*** DATA RECORDS Section Begins ***
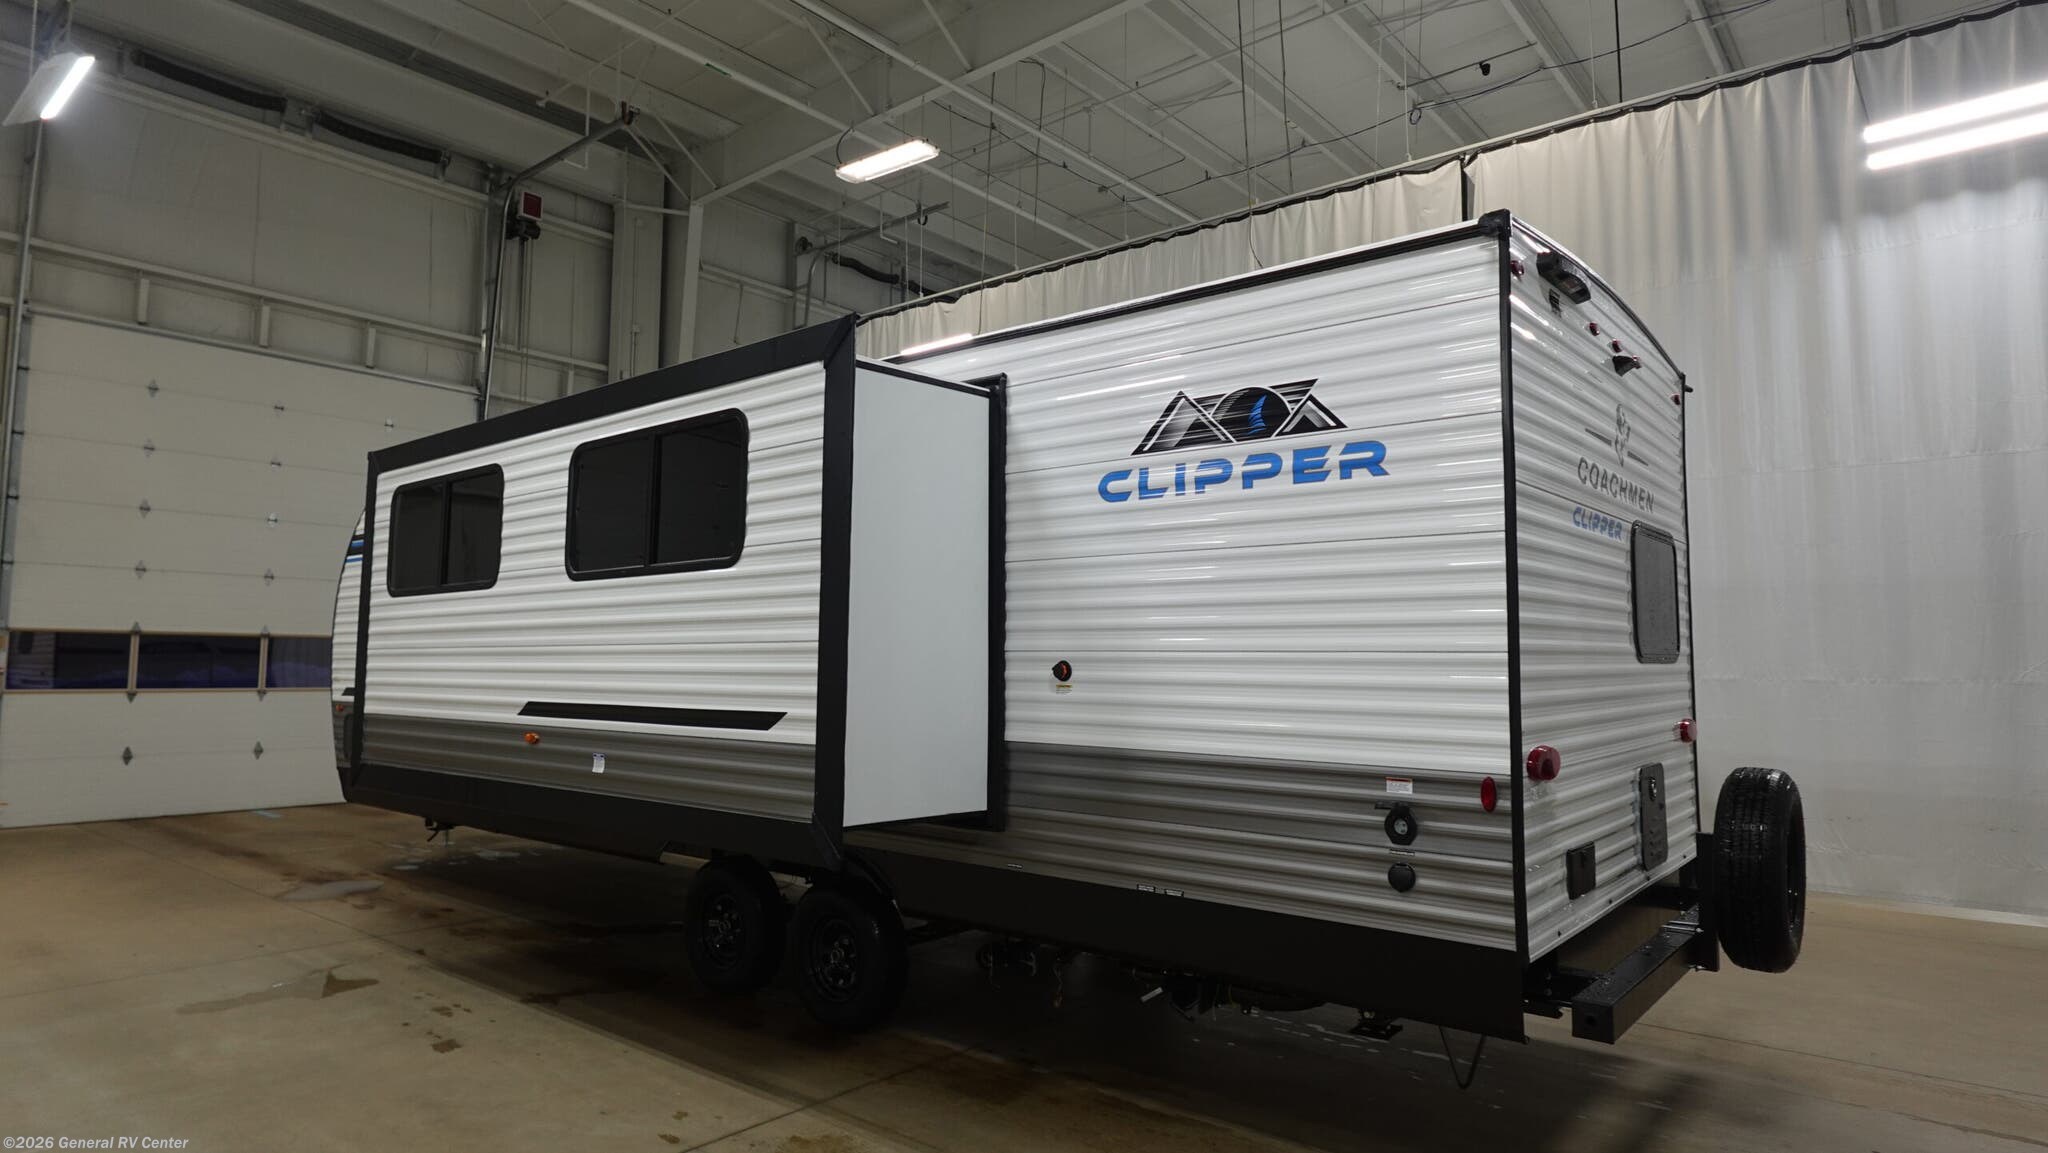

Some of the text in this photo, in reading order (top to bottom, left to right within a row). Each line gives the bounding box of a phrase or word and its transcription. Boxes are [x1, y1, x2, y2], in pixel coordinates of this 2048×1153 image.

[1098, 440, 1390, 503] CLIPPER
[1577, 457, 1655, 513] COACHMEN
[1572, 506, 1623, 541] CLIPPER
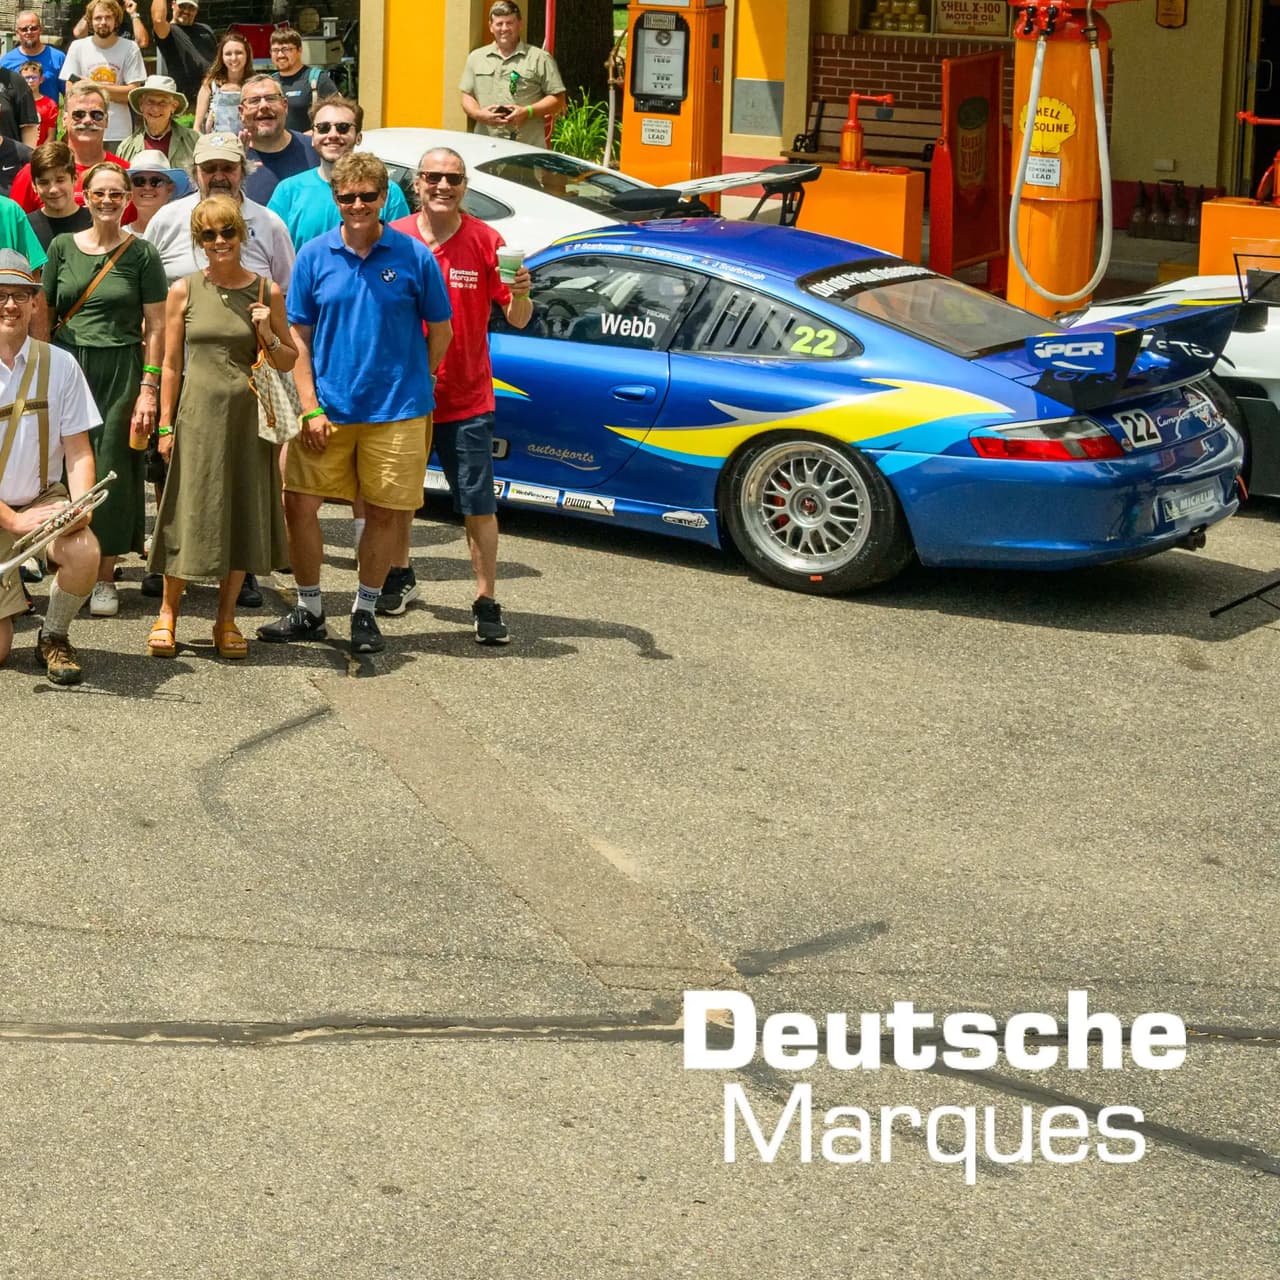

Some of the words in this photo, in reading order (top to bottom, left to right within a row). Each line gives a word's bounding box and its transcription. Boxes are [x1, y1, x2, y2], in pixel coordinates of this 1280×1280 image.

[941, 0, 969, 12] SHELL
[972, 2, 1000, 14] X-100
[946, 13, 978, 21] MOTOR
[981, 14, 996, 22] OIL
[1036, 107, 1061, 120] HELL
[1024, 121, 1070, 133] SOLINE
[449, 268, 479, 276] Deutsche
[450, 273, 478, 282] Marques
[600, 312, 656, 339] Webb
[789, 325, 839, 357] 22
[1121, 412, 1158, 443] 22
[527, 443, 595, 463] autosports
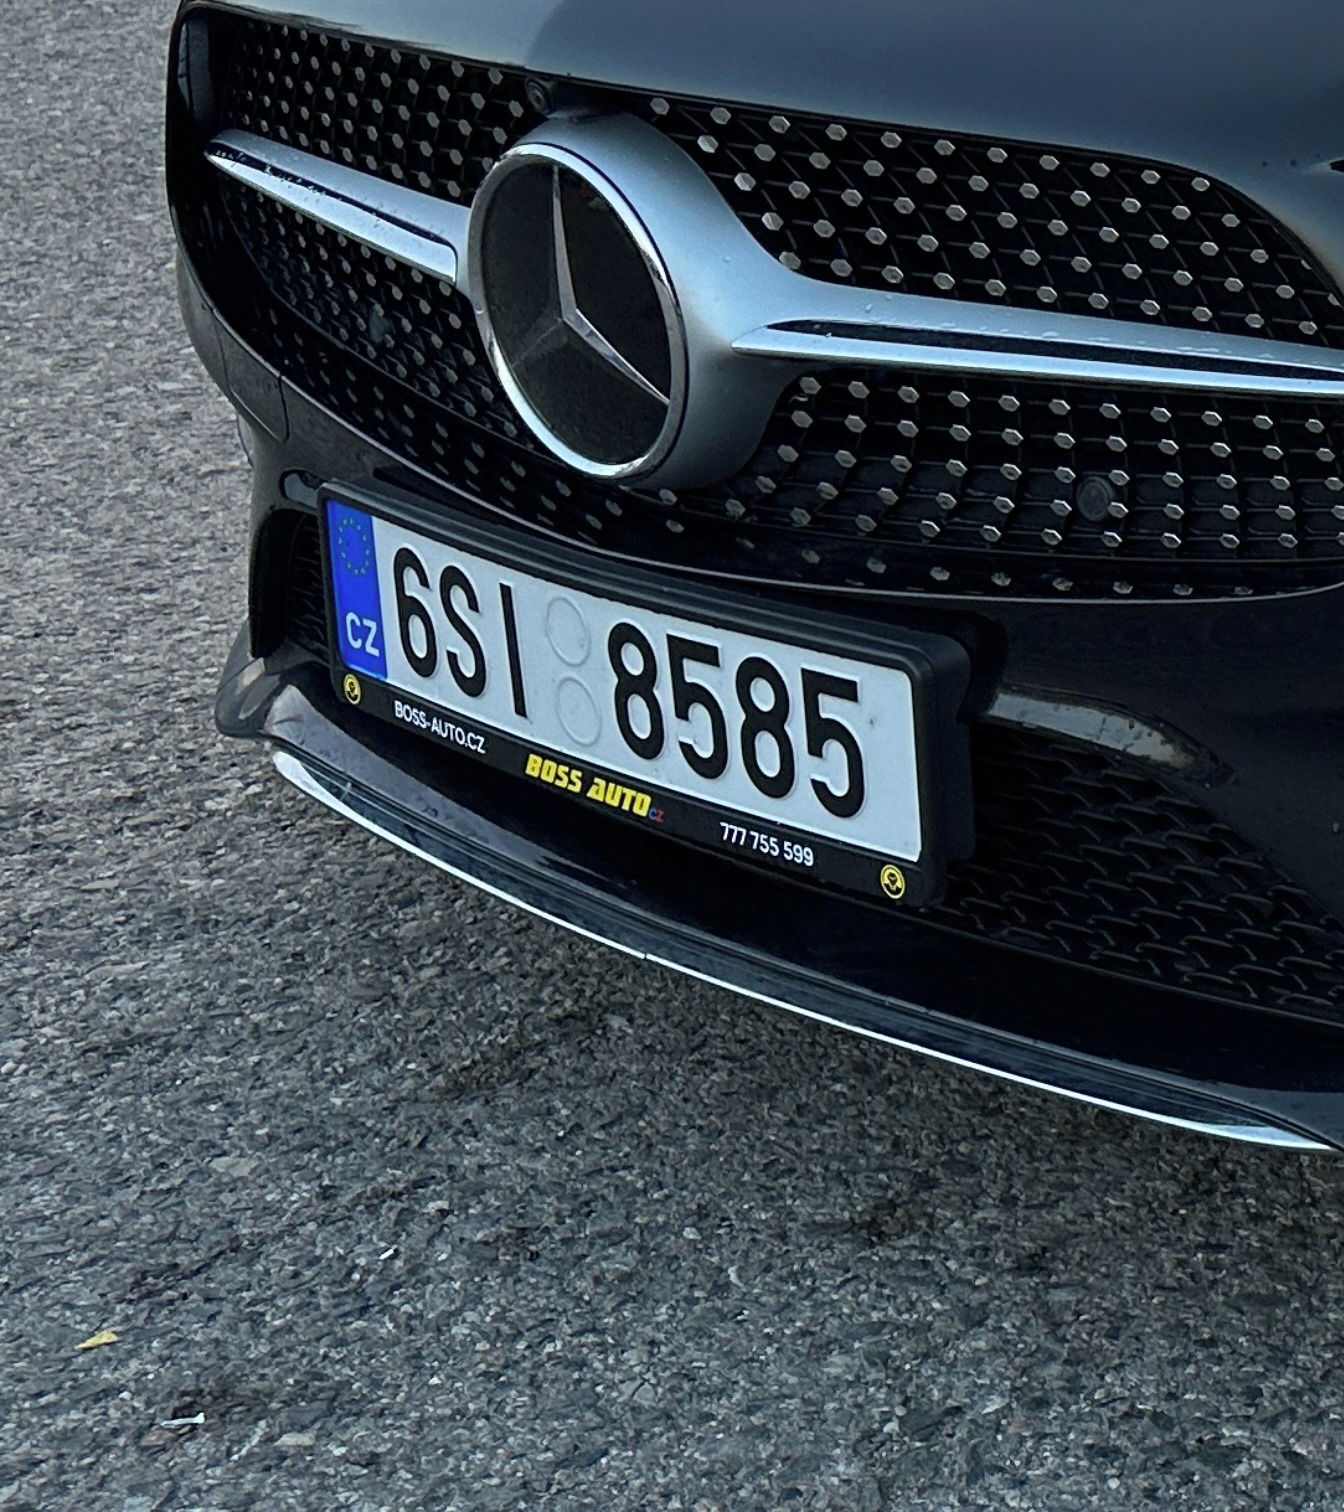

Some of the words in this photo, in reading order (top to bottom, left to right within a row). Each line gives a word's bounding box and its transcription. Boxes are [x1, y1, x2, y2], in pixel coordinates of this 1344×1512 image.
*** DATA RECORDS Section Ends ***
• [EXERCISE REQUIREMENTS] What is needed is a word-for-word copy of the data above, free of any images.

• [WRITTEN SOLUTION]
Some of the text in this photo, in reading order (top to bottom, left to right within a row). Each line gives the bounding box of a phrase or word and its transcription. Boxes are [x1, y1, x2, y2], in pixel coordinates of this 2048×1153 image.

[1098, 440, 1390, 503] CLIPPER
[1577, 457, 1655, 513] COACHMEN
[1572, 506, 1623, 541] CLIPPER

Some of the words in this photo, in reading order (top to bottom, left to right within a row). Each line gives a word's bounding box and its transcription. Boxes are [x1, y1, x2, y2], in pixel coordinates of this 1280×1280 image.

[941, 0, 969, 12] SHELL
[972, 2, 1000, 14] X-100
[946, 13, 978, 21] MOTOR
[981, 14, 996, 22] OIL
[1036, 107, 1061, 120] HELL
[1024, 121, 1070, 133] SOLINE
[449, 268, 479, 276] Deutsche
[450, 273, 478, 282] Marques
[600, 312, 656, 339] Webb
[789, 325, 839, 357] 22
[1121, 412, 1158, 443] 22
[527, 443, 595, 463] autosports

Some of the words in this photo, in reading order (top to bottom, left to right within a row). Each line gives a word's bounding box and its transcription. Boxes are [x1, y1, x2, y2], in pixel coordinates of this 1344×1512 image.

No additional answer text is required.